Sáhara Occidental, Pedro Sánchez y el derecho internacional
La política exterior española ha insistido en los últimos años en un principio que parece incuestionable: la defensa del derecho internacional como base para abordar los conflictos contemporáneos. En distintos escenarios de la política mundial, el Gobierno de Pedro Sánchez ha subrayado que las normas del derecho internacional y el respeto a la legalidad internacional deben constituir el marco fundamental para resolver las crisis internacionales.
En un contexto global cada vez más marcado por la tensión geopolítica y por el recurso a la fuerza en las relaciones entre Estados, la posición española ha insistido en la necesidad de que los conflictos se aborden desde el sistema multilateral y desde el respeto a las normas que regulan el uso de la fuerza. Frente a las soluciones basadas exclusivamente en la presión militar o en decisiones unilaterales de las grandes potencias, la apelación al derecho internacional ha sido presentada como una alternativa imprescindible para garantizar la estabilidad internacional.
También en el caso de Gaza, el Gobierno español ha adoptado una postura que ha sido considerada por muchos observadores como una de las más claras dentro de la Unión Europea. España ha denunciado con firmeza la gravedad de la situación humanitaria y ha reclamado reiteradamente el respeto al derecho internacional humanitario y la protección de la población civil. Esa posición ha situado a España entre los países europeos que han defendido con mayor claridad la necesidad de que las normas internacionales se apliquen sin excepciones.

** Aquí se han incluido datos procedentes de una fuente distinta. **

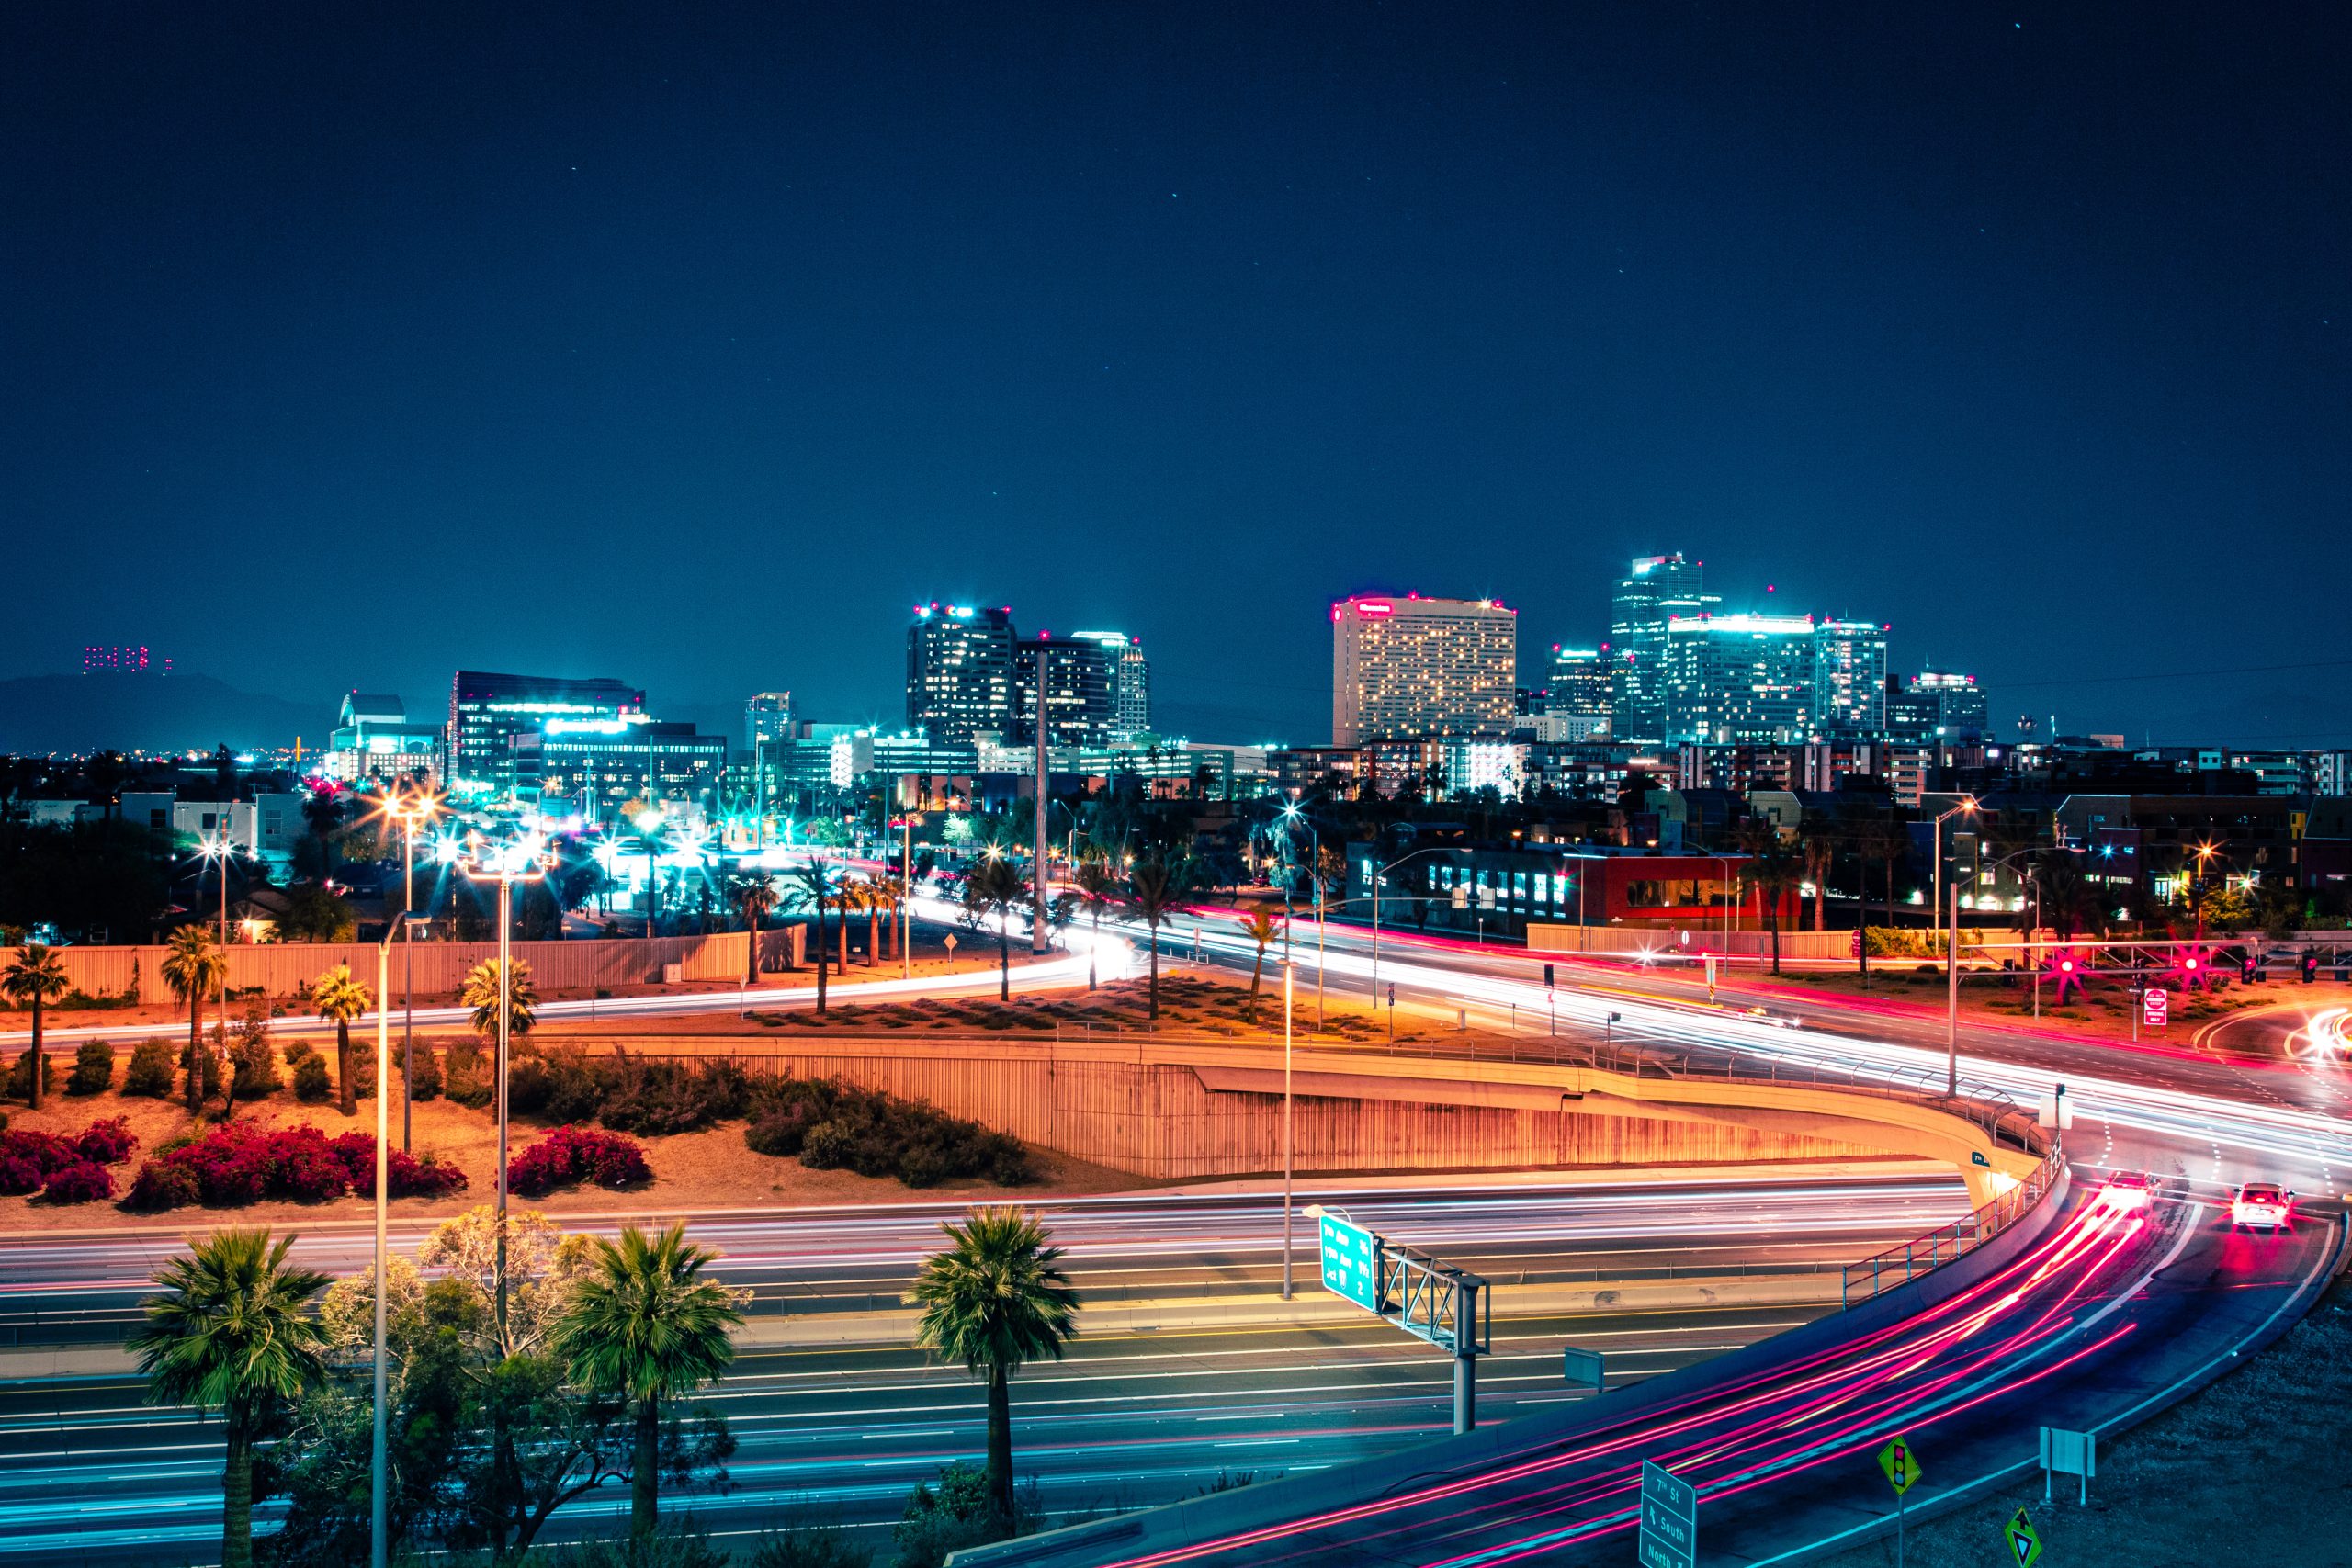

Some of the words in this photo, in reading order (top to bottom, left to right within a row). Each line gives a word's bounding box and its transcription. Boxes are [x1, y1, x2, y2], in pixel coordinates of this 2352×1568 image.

[1357, 1280, 1363, 1296] 2
[1670, 1487, 1679, 1504] St
[1660, 1517, 1684, 1543] South
[1648, 1543, 1671, 1568] North

Este posicionamiento resulta aún más llamativo si se tiene en cuenta la evolución reciente de la política exterior marroquí. Desde la firma de los Acuerdos de Abraham en 2020, Marruecos ha reforzado de manera significativa su alineamiento estratégico con Estados Unidos e Israel. Este acercamiento se ha traducido en una cooperación creciente en ámbitos diplomáticos, militares y de seguridad, y ha situado a Rabat dentro de un nuevo eje geopolítico en Oriente Próximo y el norte de África. En el actual contexto internacional, marcado por las tensiones regionales y por la guerra en torno a Irán, Marruecos se ha alineado claramente con las posiciones de Washington y de sus aliados, lo que añade una dimensión geopolítica adicional al debate sobre el Sáhara Occidental y sobre el respaldo que recibe la posición marroquí en distintos escenarios internacionales.
Precisamente por ello, resulta aún más difícil comprender la posición adoptada por España respecto al Sáhara Occidental. En marzo de 2022, el Gobierno español expresó su apoyo al plan de autonomía propuesto por Marruecos para el territorio, calificándolo como la propuesta más seria, creíble y realista para resolver el conflicto. Ese giro diplomático supuso una ruptura con la posición tradicional española, basada en el respaldo al proceso de autodeterminación impulsado por Naciones Unidas.
El problema es que el Sáhara Occidental no es simplemente un conflicto político más, sino un proceso de descolonización pendiente reconocido por la comunidad internacional. Naciones Unidas considera el territorio un territorio no autónomo pendiente de descolonización, y reconoce al pueblo saharaui el derecho a decidir libremente su futuro mediante un proceso de autodeterminación.
En los últimos meses el conflicto ha vuelto a aparecer en el tablero diplomático del Magreb.
A ello se suma un elemento jurídico de gran relevancia. El Tribunal de Justicia de la Unión Europea ha reiterado en diversas sentencias que el Sáhara Occidental es un territorio separado y distinto de Marruecos, lo que implica que los acuerdos económicos o comerciales que afecten a sus recursos naturales no pueden aplicarse al territorio sin el consentimiento del pueblo saharaui.
Para comprender el contexto histórico y político del conflicto puede consultarse esta guía básica sobre el Sáhara Occidental.
En este contexto, el delegado del Frente Polisario en España, Abdulah Arabi, ha planteado recientemente una cuestión que resume bien el debate de fondo. Si España invoca el respeto al derecho internacional cuando se trata de conflictos como los de Oriente Próximo o las tensiones internacionales más recientes, ese mismo principio debería aplicarse también al Sáhara Occidental.
El pueblo saharaui lleva décadas reclamando algo que, en términos jurídicos, resulta simple: que se respete el derecho internacional y que se permita la celebración de un referéndum de autodeterminación conforme a las resoluciones de Naciones Unidas.
La cuestión, en definitiva, no es solo diplomática ni geopolítica. Es una cuestión de coherencia. Si el derecho internacional constituye el marco que debe guiar la respuesta a los conflictos del mundo contemporáneo, resulta difícil explicar por qué ese principio no se aplica con la misma claridad cuando se trata de uno de los procesos de descolonización pendientes desde hace casi medio siglo.